In the dry end conversion of a corrugated paperboard web, the continuously running web which has been slit along its length, is pulled into and through a rotary cutoff knife, typically having upper and lower knife levels, the web being cut crosswise into sheets of selected lengths. Such sheets are conveyed into a downstream stacker where stacks of sheets are formed and transferred away for further processing. In a typical corrugator dry end, the cutoff knife comprises a pair of counter rotating cylinders carrying helical cutting blades. A variable speed drive controls cutoff knife speed to cut sheets of widely varying lengths from the running web at both knife levels.
In such a system, the web upstream of the slit line is joined such that the output webs move together, each output web utilizing a separate driven infeed pull roll nip that imposes a first force on the output web and directs the output web into the cutoff knife. A driven outfeed or exit nip downstream of the cutoff knife engages the lead edge of the output web and imposes a second force on the output web to control the sheets after they are cut and to pull a gap between each cut sheet and the leading edge of the output web moving through the knife. The output web is thus pulled by the sum of the first and second forces until the sheet is cut. However, the output web is pulled only by the first force until the lead edge of the output web reaches the outfeed nip.
SUMMARYIn accordance with one aspect of the subject disclosure, a method for controlling cut sheet length changes that result from changes in tension in the web and in the output webs through a cutting cycle in which the respective output webs are cut to different lengths is described. The method of controlling cut sheet lengths comprises the steps of (1) maintaining the first force at a high level as the output web travels through the pull roll nip and the cutoff knife, (2) adjusting the first force to a lower level when the leading edge of the output web at one knife level reaches the outfeed nip, and (3) operating the cutoff knife to cut the sheet and simultaneously adjusting the first force to the high level, whereby the tension on the output web is more uniform throughout the sheet cutting cycle than it would have been had the first force on the output web not been adjusted to the lower level when the leading edge of the output web reached the outfeed nip, such that the sheets are cut to a consistent length.
The method includes the further step of operating the infeed pull roll drive in a torque limit mode at a slight overspeed limited by torque to run at web speed. The method may also include the step of controlling the infeed pull roll drive torque to provide the lower and higher levels of the first force.
The sheet length control method may also include the step of providing the driven infeed pull roll nip with a counter rotating hold-down idler roll. The method also preferably includes the step of providing the driven outfeed nip with a driven nip roll or a driven conveyor belt. One embodiment includes the step of providing the driven outfeed nip with a counter rotating hold-down idler roll. Alternately, the method may include the step of providing the driven conveyor belt with a vacuum sheet hold-down apparatus.
In a variation of the above described method, a method for reducing sheet length variations in output webs as a result of changes in tension in the output webs during a sheet cutting cycle and for providing sheets cut to a consistent length is described.
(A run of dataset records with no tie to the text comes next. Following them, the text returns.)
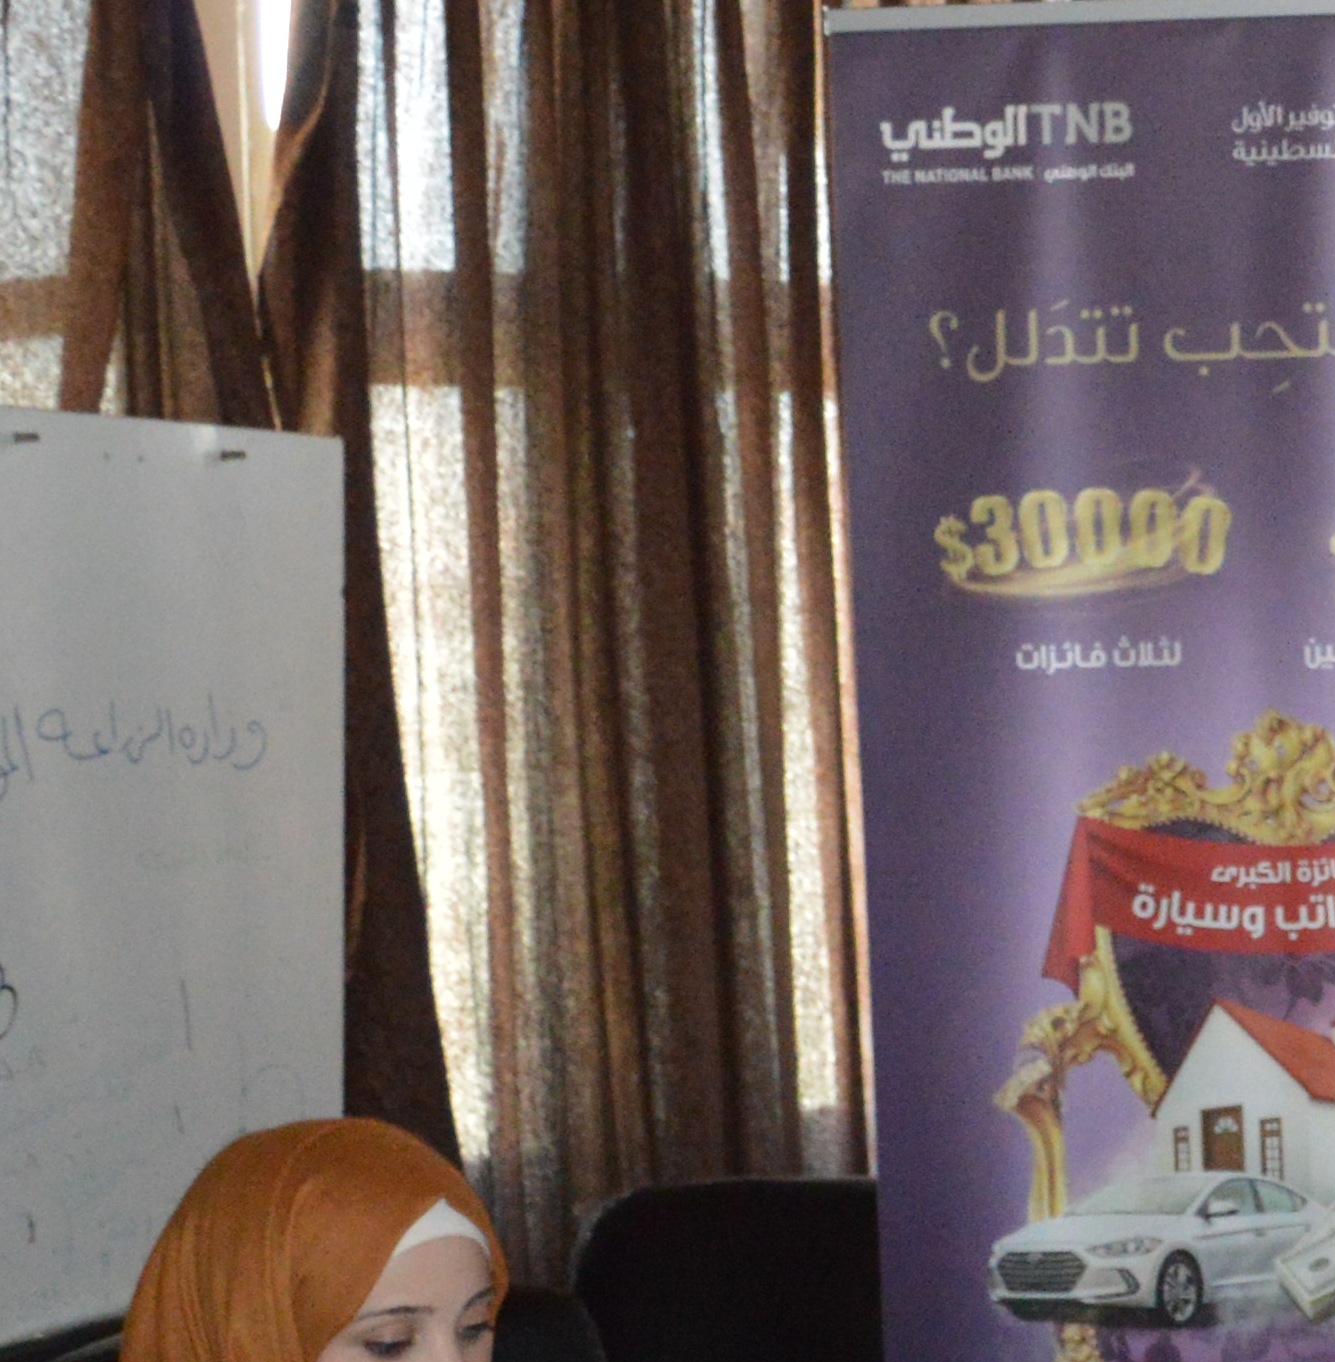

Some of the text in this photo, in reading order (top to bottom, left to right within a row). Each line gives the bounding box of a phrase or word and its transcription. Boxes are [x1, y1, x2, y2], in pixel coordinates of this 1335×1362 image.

[879, 106, 1028, 162] الوطني
[1030, 102, 1133, 145] TNB
[1231, 101, 1283, 133] الأول
[883, 165, 1034, 184] THE NATIONAL BANK
[933, 487, 1232, 579] $30000
[1015, 635, 1182, 676] لثلاث فائزات
[1210, 860, 1292, 889] الكبرى
[1131, 883, 1265, 939] وسيارة
The method comprises the steps of (1) utilizing a torque control drive for the infeed pull roll to provide a high level of first force, (2) utilizing an infeed pull roll torque command to step down the torque to provide a lower level of first force and utilizing a signal from the web length measuring device to determine when the leading edge of the output web at one knife level reaches the outfeed nip, and (3) using a cutoff knife position signal to indicate completion of the cut and to step up the pull roll torque to provide the high level of the first force.
The method also preferably includes the step of utilizing a web length measuring device upstream of the slit line to provide a sheet length signal to the cutoff knife. When the respective output webs are cut to different lengths the system includes the step of utilizing the length measuring device to provide sheet length signals to both knife levels. The web length measuring device preferably comprises a resolver.
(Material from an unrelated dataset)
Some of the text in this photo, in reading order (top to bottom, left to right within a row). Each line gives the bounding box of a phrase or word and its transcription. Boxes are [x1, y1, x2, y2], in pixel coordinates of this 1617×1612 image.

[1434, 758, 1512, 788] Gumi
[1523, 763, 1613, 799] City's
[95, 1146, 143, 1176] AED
In one embodiment of the disclosure, a method for minimizing sheet length variations comprises the steps of (1) maintaining the first force in the output webs to both knife levels as the output webs travel through their respective infeed pull roll nip and the cutoff knife, (2) adjusting the first force to a lower level when the leading edge of the output web at one knife level reaches the outfeed nip and applying the lower level of first force to the output webs, and (3) operating the cutoff knife to cut the sheet and adjusting the first force to a higher level, whereby the tension on the output webs is more uniform throughout the sheet cutting cycle than it would have been had the first force on the output web not been adjusted to the lower level when the leading edge of the output web reached the outfeed nip, such that and the sheets are cut to a consistent length.
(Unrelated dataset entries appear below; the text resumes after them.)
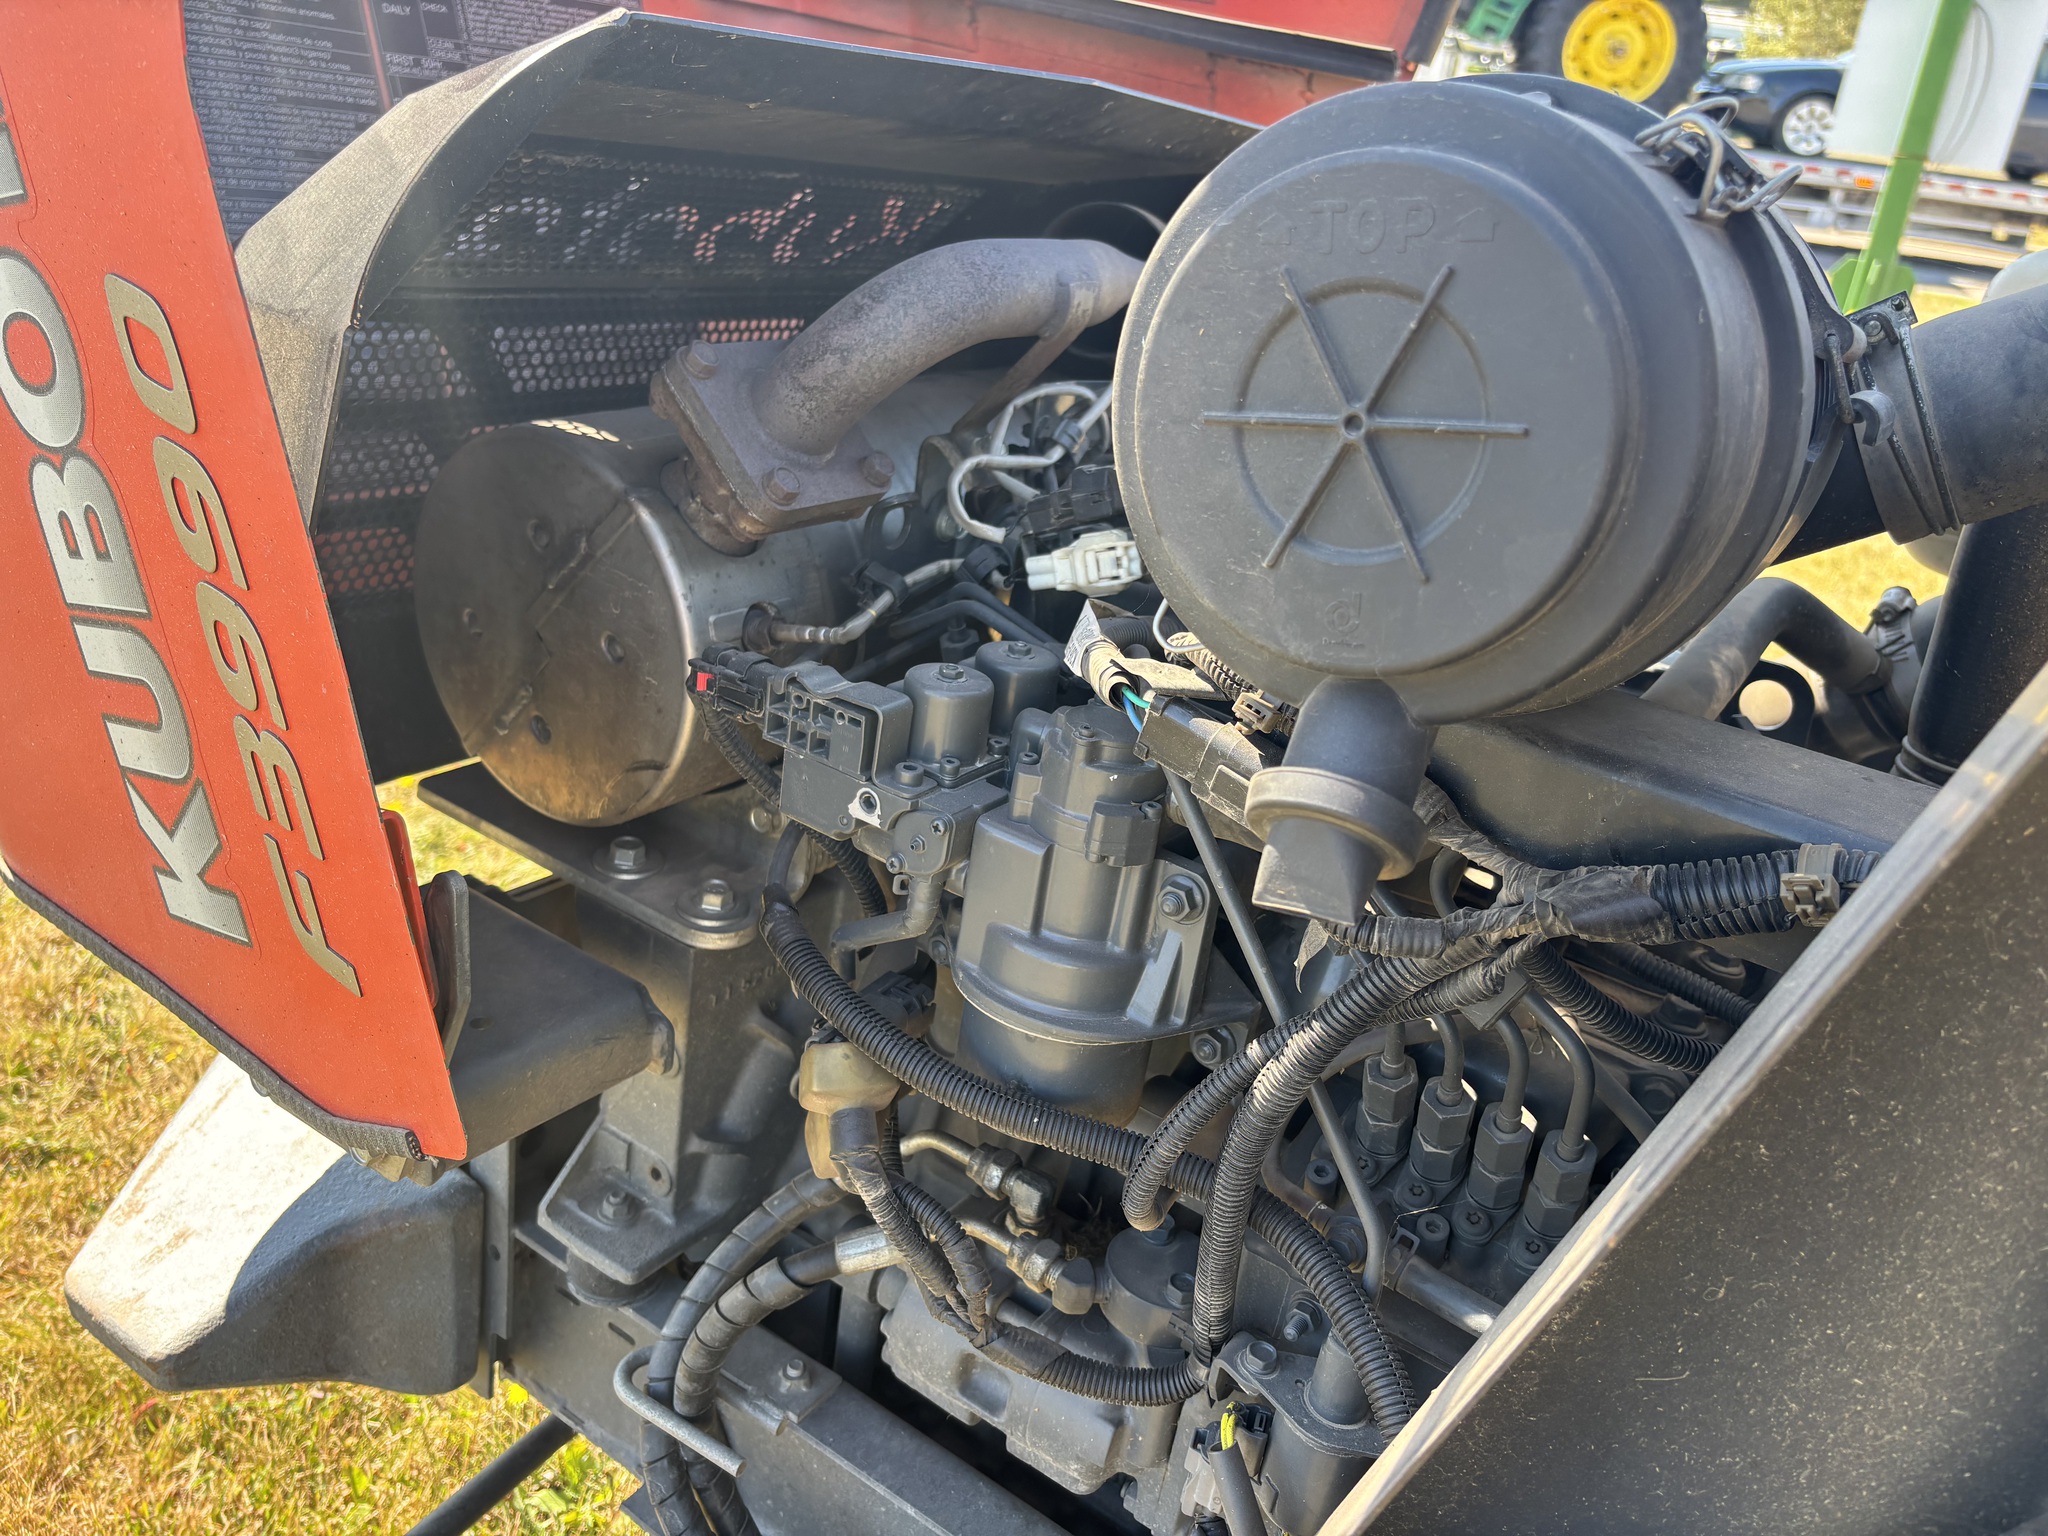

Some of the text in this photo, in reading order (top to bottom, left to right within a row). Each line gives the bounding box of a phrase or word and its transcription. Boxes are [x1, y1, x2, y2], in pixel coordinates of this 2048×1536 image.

[381, 2, 411, 16] DAILY
[385, 53, 415, 67] FIRST
[1309, 202, 1437, 256] TOP
[0, 122, 253, 947] KUBO
[103, 272, 363, 999] F3990
In applying the foregoing method, the upper level output web is preferably wider than the lower level output web.
As the output webs 12 and 13 exit the slitter 11, each of the output webs is directed onto a set of web divert forks 17 that separate and carry the output webs 12 and 13 to the respective cutoff knives 15 and 16. An upper level pull roll 18 moves the upper output web 12 into and through the upper cutoff knife 15 and, similarly, a lower level pull roll 20 moves the lower level output web 13 through the lower level cutoff knife 16.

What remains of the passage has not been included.